Subspace segmentation is the process of clustering a set of data points that are assumed to lie on the union of multiple linear or affine subspaces, and is increasingly being recognized as a fundamental tool for data analysis in high dimensional settings. Arguably one of the most successful approaches is based on the observation that the sparsest representation of a given point with respect to a dictionary formed by the others involves nonzero coefficients associated with points originating in the same subspace. Such sparse representations are computed independently for each data point via \ell_1-norm minimization and then combined into an affinity matrix for use by a final spectral clustering step. The downside of this procedure is two-fold. First, unlike canonical compressive sensing scenarios with ideally-randomized dictionaries, the data-dependent dictionaries here are unavoidably highly structured, disrupting many of the favorable properties of the \ell_1 norm.

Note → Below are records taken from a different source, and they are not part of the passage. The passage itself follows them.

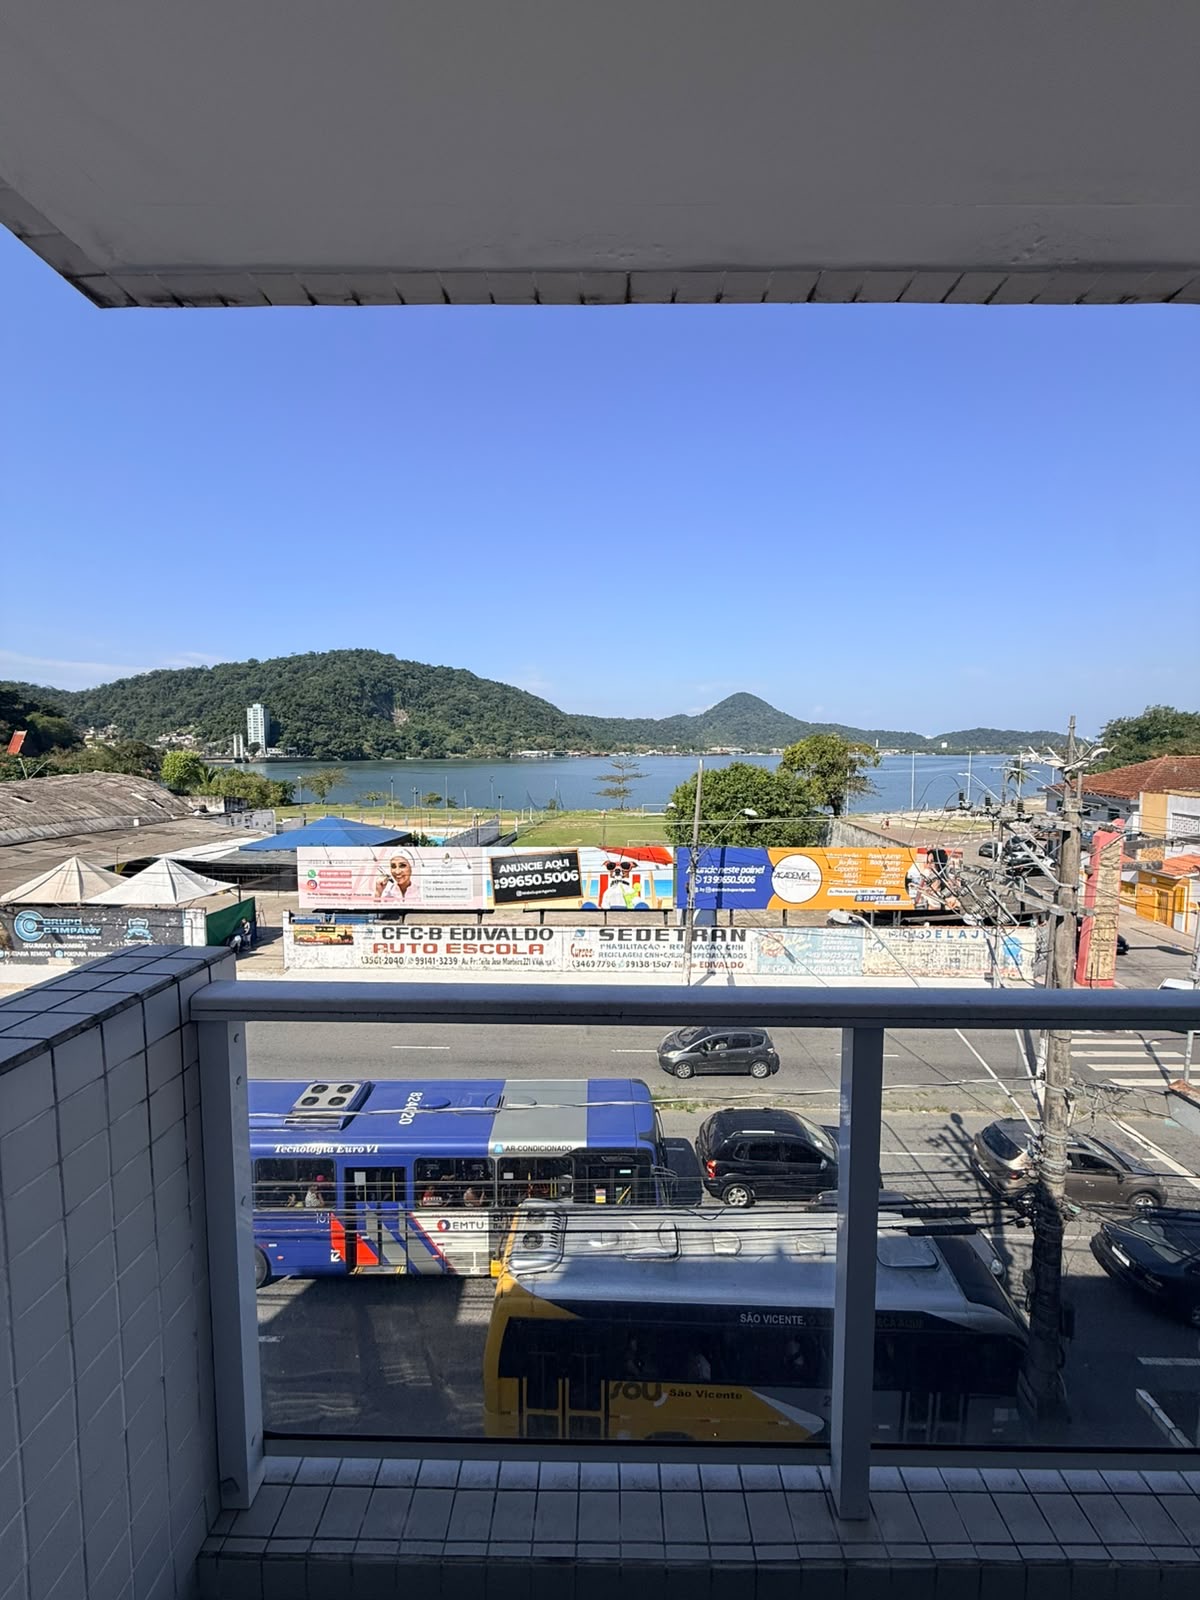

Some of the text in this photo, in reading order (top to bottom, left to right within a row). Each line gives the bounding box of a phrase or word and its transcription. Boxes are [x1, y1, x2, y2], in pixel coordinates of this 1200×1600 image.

[499, 858, 570, 873] ANUNCIE AQUI
[718, 866, 740, 874] neste
[740, 865, 766, 877] painel
[500, 870, 579, 889] 99650.5006
[703, 875, 711, 884] 13
[774, 871, 810, 880] ACADEMIA
[42, 918, 82, 926] GRUPO
[43, 927, 102, 935] COMPANY
[382, 926, 554, 941] CFC-B EDIVALDO
[372, 943, 545, 955] AUTO ESCOLA
[699, 961, 745, 969] EDIVALDO
[274, 1143, 379, 1154] Tecnologia Euro VI
[452, 1221, 485, 1230] EMTU
[739, 1311, 761, 1323] SÃO
[762, 1313, 807, 1326] VICENTE,
[668, 1387, 693, 1399] São
[695, 1388, 743, 1400] Vicente
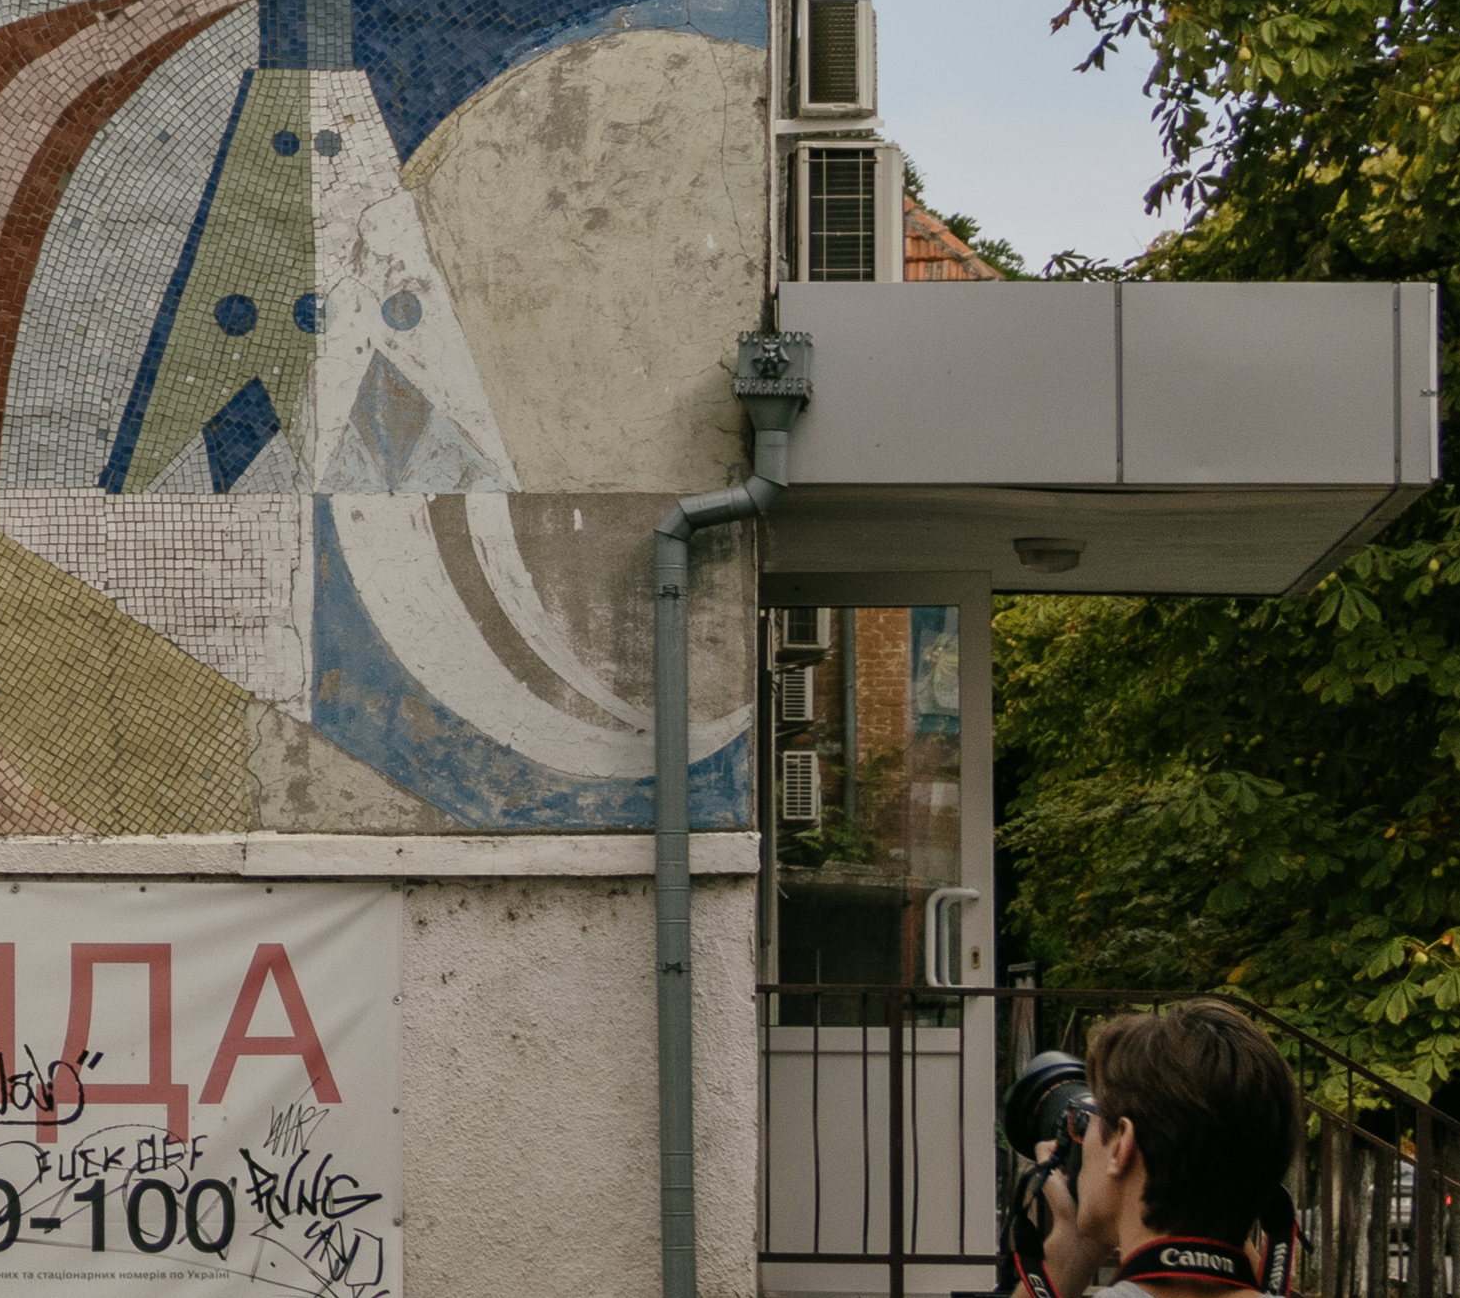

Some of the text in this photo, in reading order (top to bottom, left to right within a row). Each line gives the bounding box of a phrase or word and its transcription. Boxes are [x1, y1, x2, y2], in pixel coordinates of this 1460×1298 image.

[1159, 1248, 1235, 1274] Canon
[1266, 1242, 1288, 1296] anon
[22, 1270, 34, 1280] та
[37, 1269, 116, 1281] стаціонарних
[119, 1269, 167, 1281] номерів
[170, 1270, 184, 1280] по
[187, 1268, 230, 1281] Україні
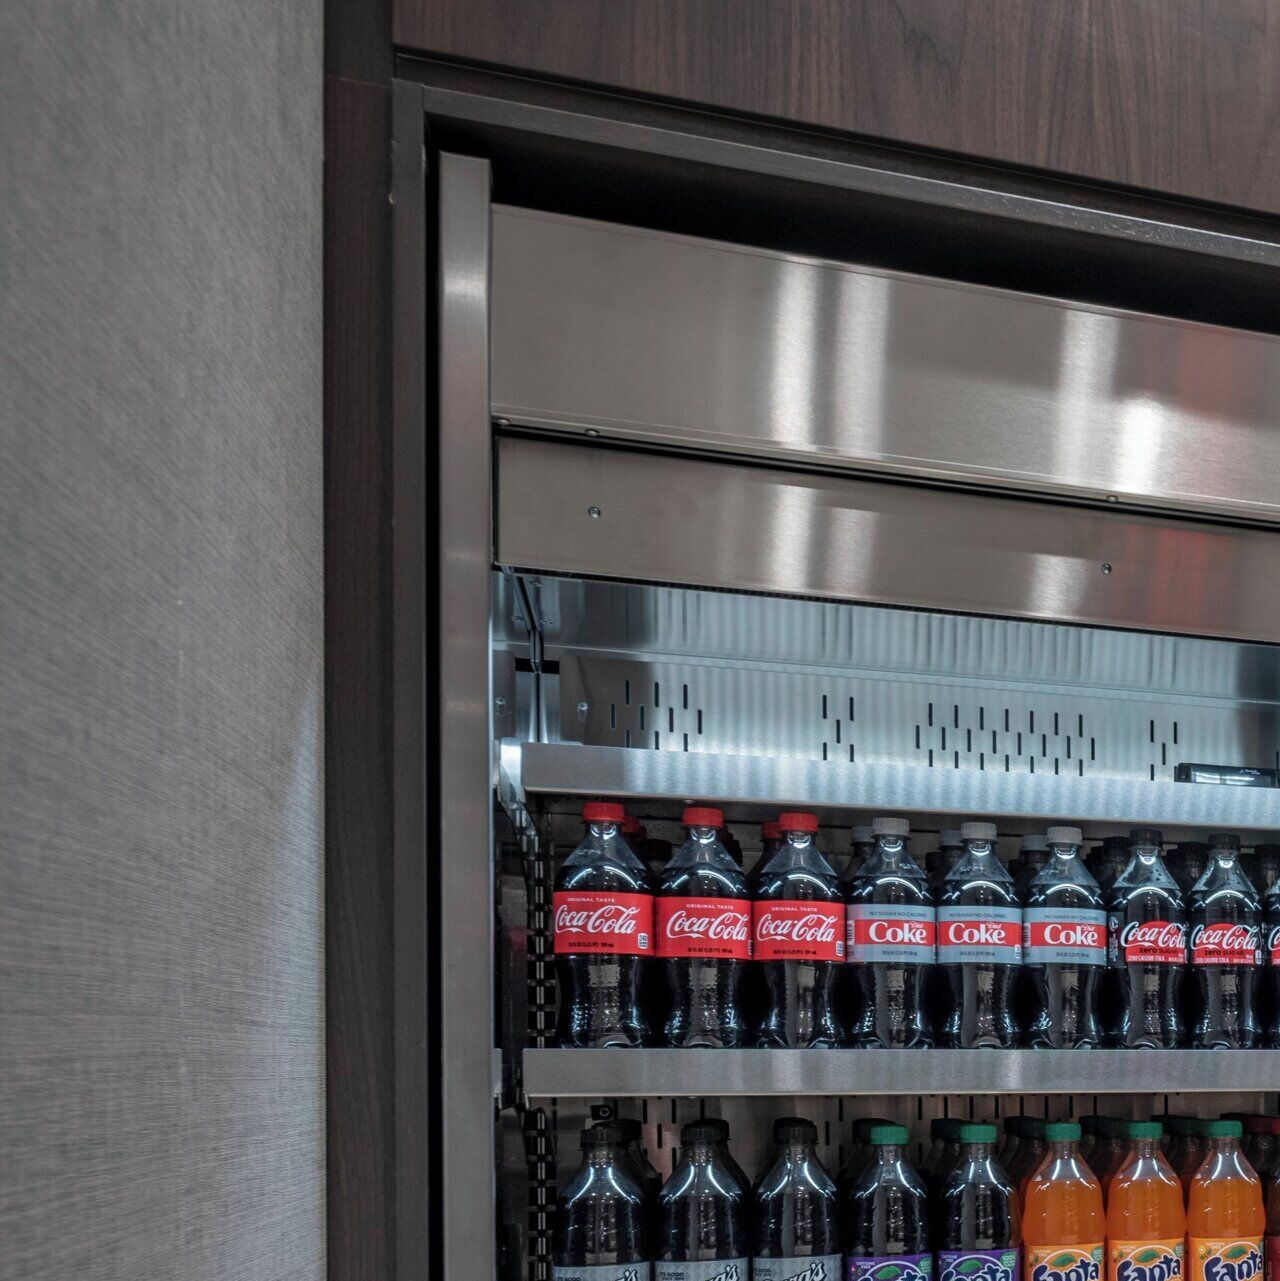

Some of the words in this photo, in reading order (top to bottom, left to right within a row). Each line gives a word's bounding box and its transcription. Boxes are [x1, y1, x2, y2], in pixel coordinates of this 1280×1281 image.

Secondly, by treating each data point independently, we ignore useful relationships between points that can be leveraged for jointly computing such sparse representations. Consequently, we motivate a multi-task learning-based framework for learning coupled sparse representations leading to a segmentation pipeline that is both robust against correlation structure and tailored to generate an optimal affinity matrix. Theoretical analysis and empirical tests are provided to support these claims.